── EXTRACTED DATA ──
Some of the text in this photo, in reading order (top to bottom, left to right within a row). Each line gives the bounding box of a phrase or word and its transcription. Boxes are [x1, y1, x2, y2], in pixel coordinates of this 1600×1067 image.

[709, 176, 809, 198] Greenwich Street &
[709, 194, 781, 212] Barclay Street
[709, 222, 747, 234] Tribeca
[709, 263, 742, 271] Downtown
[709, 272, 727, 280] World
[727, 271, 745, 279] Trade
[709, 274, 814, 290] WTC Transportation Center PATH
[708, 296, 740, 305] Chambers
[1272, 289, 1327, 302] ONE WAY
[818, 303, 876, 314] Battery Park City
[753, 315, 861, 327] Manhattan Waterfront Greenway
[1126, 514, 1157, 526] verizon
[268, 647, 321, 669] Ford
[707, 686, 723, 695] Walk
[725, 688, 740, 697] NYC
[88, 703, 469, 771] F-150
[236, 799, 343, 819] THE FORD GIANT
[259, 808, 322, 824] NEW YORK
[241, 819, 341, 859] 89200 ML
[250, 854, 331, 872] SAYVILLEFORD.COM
───
__ACTION ITEM__: Set down the data exactly.

__FINAL ANSWER__:
Some of the text in this photo, in reading order (top to bottom, left to right within a row). Each line gives the bounding box of a phrase or word and its transcription. Boxes are [x1, y1, x2, y2], in pixel coordinates of this 1600×1067 image.

[709, 176, 809, 198] Greenwich Street &
[709, 194, 781, 212] Barclay Street
[709, 222, 747, 234] Tribeca
[709, 263, 742, 271] Downtown
[709, 272, 727, 280] World
[727, 271, 745, 279] Trade
[709, 274, 814, 290] WTC Transportation Center PATH
[708, 296, 740, 305] Chambers
[1272, 289, 1327, 302] ONE WAY
[818, 303, 876, 314] Battery Park City
[753, 315, 861, 327] Manhattan Waterfront Greenway
[1126, 514, 1157, 526] verizon
[268, 647, 321, 669] Ford
[707, 686, 723, 695] Walk
[725, 688, 740, 697] NYC
[88, 703, 469, 771] F-150
[236, 799, 343, 819] THE FORD GIANT
[259, 808, 322, 824] NEW YORK
[241, 819, 341, 859] 89200 ML
[250, 854, 331, 872] SAYVILLEFORD.COM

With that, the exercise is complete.